5 smart tips to prepare for your road trip
Traveling for long distances in a car can be exhausting or exhilarating — it all depends on how you prepare. Ensure your trip goes smoothly and safely with this helpful checklist to get you on the road.
1. Preparing your car
The most essential part of any road trip is the car you make your trip in. The delay and expenses associated with a breakdown or trip to the mechanic en route can sour any trip, so it’s best to give your car a thorough inspection before you hit the road.
First, check that all of your fluids are topped off. Your oil should be full and fresh — don’t start a road trip if you need an oil change! Fill up your wiper fluid, and change your wiper blades if it’s been a while — nothing is more annoying than driving with a dirty window when you’re miles from the nearest store to pick up more fluid.
Next, check your tires. Make sure there are no leaks and see how your tread looks. If your tires are a bit bald, a long drive isn’t the best idea. You should also check your tire pressure, and fill them if necessary.
If your car has been making strange sounds or hasn’t been driving as well lately, you should see your mechanic before you go on your trip. The middle of nowhere is the worst place to find out that funny noise you’ve been ignoring is actually a catastrophic problem.
Nowadays, most of us navigate using our phones. For short trips around town, cell phones and a data connection are enough. For road trips, however, it’s safer to download your map or copy down your directions ahead of time.
The farther you go from urban areas, the more likely you are to encounter dead zones. If you haven’t prepared ahead of time for traveling without data, you may lose access to your map entirely. Being stuck in an unfamiliar place with no connection to your only map isn’t just stressful — it’s dangerous.
In addition to your digital map and written directions, physical maps are also important backup tools. If you’ll be driving anywhere with uneven terrain, a map detailing geographic features is a good idea. Mountain roads or other risky terrains can be frightening if you’re not prepared.
3. Know your route
This may sound the same as preparing your maps, but knowing your route goes beyond knowing what turns to take. Knowing your route also involves accounting for weather, timing, navigational delays, and what other routes are available.
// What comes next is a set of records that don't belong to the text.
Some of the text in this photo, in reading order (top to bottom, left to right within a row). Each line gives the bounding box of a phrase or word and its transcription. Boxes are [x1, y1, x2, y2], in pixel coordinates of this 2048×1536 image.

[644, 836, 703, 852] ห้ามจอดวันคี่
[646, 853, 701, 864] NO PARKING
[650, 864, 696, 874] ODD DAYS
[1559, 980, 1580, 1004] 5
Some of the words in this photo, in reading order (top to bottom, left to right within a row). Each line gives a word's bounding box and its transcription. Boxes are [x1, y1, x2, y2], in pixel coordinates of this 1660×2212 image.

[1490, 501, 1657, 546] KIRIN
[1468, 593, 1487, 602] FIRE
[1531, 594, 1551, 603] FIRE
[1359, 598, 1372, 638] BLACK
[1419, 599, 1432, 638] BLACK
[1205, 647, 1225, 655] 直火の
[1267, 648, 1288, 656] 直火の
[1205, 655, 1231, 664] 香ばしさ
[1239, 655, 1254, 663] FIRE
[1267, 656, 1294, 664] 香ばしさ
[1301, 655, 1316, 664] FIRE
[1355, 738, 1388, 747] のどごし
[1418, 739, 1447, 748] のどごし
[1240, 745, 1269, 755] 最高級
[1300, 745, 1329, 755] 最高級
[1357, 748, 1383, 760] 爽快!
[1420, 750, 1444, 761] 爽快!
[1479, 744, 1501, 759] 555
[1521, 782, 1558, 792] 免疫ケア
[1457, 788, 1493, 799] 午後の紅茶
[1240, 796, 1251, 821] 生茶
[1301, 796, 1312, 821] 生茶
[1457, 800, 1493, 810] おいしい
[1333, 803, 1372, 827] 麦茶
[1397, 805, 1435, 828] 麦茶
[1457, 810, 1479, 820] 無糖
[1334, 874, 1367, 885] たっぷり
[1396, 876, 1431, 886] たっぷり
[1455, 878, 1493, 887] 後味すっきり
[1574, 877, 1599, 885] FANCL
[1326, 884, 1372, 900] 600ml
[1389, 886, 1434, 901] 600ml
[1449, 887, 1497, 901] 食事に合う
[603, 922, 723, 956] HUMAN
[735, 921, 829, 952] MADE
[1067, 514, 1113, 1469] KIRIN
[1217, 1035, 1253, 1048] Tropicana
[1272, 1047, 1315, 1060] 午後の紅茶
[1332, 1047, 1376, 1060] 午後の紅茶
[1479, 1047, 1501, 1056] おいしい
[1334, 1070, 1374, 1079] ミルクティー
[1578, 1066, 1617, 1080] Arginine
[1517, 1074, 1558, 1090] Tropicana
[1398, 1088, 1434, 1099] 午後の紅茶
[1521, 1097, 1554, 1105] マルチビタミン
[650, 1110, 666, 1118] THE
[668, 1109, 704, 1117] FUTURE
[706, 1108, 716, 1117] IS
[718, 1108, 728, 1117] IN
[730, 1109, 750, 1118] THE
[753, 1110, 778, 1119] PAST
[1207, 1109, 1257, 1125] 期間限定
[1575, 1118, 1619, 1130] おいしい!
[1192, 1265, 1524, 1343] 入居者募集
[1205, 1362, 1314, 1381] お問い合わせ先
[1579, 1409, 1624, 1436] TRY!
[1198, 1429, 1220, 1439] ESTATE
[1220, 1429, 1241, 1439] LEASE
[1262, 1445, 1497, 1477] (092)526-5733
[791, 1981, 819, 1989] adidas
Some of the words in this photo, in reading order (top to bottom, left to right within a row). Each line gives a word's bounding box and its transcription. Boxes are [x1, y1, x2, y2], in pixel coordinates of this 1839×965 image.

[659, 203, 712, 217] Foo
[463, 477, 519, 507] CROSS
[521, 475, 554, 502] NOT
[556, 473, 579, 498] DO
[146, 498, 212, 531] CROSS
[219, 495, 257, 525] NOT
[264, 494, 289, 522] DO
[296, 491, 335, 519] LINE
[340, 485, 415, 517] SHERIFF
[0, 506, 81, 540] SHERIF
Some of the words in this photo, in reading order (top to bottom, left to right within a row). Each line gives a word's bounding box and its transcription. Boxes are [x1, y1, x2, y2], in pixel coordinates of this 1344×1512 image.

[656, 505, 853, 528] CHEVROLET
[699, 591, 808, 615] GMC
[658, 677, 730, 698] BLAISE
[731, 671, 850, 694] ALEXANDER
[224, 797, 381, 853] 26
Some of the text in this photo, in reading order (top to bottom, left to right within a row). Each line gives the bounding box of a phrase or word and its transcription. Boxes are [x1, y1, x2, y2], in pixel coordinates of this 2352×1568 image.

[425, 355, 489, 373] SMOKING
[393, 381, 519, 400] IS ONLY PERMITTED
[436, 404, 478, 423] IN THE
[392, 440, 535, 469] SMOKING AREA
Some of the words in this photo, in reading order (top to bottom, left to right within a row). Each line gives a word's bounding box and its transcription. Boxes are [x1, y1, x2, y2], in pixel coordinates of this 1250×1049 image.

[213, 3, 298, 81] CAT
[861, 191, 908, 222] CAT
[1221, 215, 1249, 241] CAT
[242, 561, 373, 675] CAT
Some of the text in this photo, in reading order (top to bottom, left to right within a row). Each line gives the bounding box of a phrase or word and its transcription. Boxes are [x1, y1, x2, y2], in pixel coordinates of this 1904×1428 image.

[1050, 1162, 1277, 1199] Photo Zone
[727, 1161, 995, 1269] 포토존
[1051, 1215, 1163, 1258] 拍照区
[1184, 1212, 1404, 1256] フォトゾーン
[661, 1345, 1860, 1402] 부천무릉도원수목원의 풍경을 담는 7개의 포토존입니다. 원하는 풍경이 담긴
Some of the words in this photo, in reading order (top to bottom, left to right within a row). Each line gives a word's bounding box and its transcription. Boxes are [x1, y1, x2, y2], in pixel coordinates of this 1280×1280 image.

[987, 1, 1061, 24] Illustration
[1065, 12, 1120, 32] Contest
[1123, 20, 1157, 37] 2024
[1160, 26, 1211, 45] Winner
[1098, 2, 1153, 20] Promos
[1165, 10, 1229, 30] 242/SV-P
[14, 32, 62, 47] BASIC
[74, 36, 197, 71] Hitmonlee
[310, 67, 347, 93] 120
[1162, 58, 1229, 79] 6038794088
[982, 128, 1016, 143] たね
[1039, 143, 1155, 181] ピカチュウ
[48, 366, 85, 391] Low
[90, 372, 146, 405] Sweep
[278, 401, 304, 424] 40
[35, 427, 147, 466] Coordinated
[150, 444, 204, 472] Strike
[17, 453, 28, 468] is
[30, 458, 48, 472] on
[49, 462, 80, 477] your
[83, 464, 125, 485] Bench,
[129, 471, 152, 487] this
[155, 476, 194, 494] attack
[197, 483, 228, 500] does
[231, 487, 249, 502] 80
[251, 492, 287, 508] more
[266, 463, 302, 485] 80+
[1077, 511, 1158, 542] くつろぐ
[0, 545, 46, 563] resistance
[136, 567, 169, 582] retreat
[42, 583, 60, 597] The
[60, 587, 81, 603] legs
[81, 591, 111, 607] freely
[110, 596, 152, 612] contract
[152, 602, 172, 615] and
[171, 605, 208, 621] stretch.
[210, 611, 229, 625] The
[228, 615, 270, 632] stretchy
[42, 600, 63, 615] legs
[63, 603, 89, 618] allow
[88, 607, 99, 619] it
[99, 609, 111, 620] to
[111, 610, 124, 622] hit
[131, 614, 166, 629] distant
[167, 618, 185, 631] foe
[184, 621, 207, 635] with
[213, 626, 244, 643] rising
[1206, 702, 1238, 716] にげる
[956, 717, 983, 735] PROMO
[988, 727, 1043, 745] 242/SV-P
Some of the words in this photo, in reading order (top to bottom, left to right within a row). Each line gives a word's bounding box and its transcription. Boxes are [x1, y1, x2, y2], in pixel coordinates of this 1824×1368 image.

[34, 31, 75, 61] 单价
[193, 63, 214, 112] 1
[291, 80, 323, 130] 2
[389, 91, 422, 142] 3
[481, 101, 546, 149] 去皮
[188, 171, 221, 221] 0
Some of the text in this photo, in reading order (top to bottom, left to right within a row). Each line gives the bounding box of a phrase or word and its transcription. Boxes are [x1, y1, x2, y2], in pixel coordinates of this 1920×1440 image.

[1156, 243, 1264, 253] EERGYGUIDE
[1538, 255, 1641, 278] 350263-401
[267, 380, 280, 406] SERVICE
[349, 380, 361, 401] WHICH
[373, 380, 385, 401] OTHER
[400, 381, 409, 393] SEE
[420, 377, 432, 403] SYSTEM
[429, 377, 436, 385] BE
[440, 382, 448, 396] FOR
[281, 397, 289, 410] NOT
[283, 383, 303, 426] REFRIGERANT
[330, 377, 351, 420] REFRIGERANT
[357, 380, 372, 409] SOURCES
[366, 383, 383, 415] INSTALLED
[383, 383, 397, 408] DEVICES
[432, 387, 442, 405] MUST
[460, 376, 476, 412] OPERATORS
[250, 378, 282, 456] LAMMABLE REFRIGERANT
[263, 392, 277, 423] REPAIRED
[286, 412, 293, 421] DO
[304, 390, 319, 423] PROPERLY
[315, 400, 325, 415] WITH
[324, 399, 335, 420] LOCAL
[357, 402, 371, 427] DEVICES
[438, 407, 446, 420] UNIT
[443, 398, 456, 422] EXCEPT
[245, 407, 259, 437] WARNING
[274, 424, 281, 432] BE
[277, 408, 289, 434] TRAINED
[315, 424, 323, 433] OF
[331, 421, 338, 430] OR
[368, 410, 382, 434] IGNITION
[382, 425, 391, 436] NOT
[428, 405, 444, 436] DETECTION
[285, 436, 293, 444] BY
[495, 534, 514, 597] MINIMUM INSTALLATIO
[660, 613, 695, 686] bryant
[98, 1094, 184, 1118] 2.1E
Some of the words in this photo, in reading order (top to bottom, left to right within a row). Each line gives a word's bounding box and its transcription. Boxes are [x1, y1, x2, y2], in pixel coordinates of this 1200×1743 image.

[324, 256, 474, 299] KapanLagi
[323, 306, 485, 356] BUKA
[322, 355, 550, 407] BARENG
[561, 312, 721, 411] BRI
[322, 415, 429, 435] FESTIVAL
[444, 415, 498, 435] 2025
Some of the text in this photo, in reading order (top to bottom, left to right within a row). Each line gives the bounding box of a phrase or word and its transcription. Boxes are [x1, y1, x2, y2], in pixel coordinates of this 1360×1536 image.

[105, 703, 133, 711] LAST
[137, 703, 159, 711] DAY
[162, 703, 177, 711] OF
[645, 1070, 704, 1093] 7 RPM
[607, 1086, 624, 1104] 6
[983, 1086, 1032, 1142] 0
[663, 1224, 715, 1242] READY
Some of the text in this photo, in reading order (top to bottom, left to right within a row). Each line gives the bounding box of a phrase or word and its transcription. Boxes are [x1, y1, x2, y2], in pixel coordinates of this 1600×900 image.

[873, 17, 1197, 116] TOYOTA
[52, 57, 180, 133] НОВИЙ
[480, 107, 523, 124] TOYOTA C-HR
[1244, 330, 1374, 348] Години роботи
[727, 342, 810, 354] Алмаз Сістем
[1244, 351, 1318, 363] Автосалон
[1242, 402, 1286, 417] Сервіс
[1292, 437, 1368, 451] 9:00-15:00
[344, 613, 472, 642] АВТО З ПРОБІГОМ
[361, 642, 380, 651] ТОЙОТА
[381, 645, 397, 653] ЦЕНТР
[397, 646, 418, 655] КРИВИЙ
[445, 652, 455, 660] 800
Checking the weather ahead of your drive is always an invaluable step before you set off on your road trip. Unexpected bad weather can cause travel delays or dangerous accidents if you’re not prepared. Knowing ahead of time if you’ll need to drive in rain or snow is very helpful.
You’ll also want to know how long your drive will take, and around what times you’ll be where. Many small towns have businesses that close early. For example, if you prefer to drive late at night to avoid traffic, you may have to prepare for stretches with no open bathrooms.
You should always choose the road trip route that meets your needs, not just the one that shows up as fastest on our maps. You may want to prepare your own route if you’re looking for a scenic drive, for example.
Choosing roads based on size, speed limits, tolls, and the number of available rest stops isn’t a bad idea. Knowing which way you’ll go ahead of time also lets you plan for detours if necessary, or search ahead for construction that may cause delays.
4. Pack smart
When we travel locally or fly somewhere, we pack for our destination. Road trips require you to pack for your journey as well. You’ll need to remember your ID as well as any insurance cards (for auto and medical) in case of an emergency.
You’ll also want to bring cash in addition to debit or credit cards in case you need to make a purchase somewhere cards aren’t accepted, which may be more likely on the road. Cash can also help if your credit card company decides that your out-of-state purchases are suspicious, and you aren’t in the mood to convince them over the phone that your gas station purchase isn’t fraud.
You should pack with the intention of making your drive comfortable and minimizing stops. Bring a cooler loaded with snacks and drinks, or pillows and blankets if you’ve got passengers or need to stop to rest. Travel games for children, a good playlist, or some downloaded podcasts are good ideas. You’ll want to keep yourself awake and entertained and your passengers comfortable and happy.
5. Prepare for emergencies
While no one likes to think about the scary “what if’s” before a vacation, it’s critical to remember that road trips have some unique dangers. Time on the road and distance between towns means you need to prepare for a situation where your car breaks down and you need to wait a while to get help.
Make sure your car has a good spare and any tools required to change it (and make sure you know how to do so). You should also have an emergency roadside kit and first aid kit in your car. Items you should always have include a tire pressure gauge, flares, and cones. If you’re driving somewhere with extreme weather, blankets or sunscreen are also good things to have.
Preparing for an emergency also means having familiarity with your insurance coverage. Ask your provider if roadside assistance or towing is included in your plan in the event that your car breaks down, and make a plan to arrange for those things if they’re not. Once you’re packed and prepared, safe travels and enjoy the view!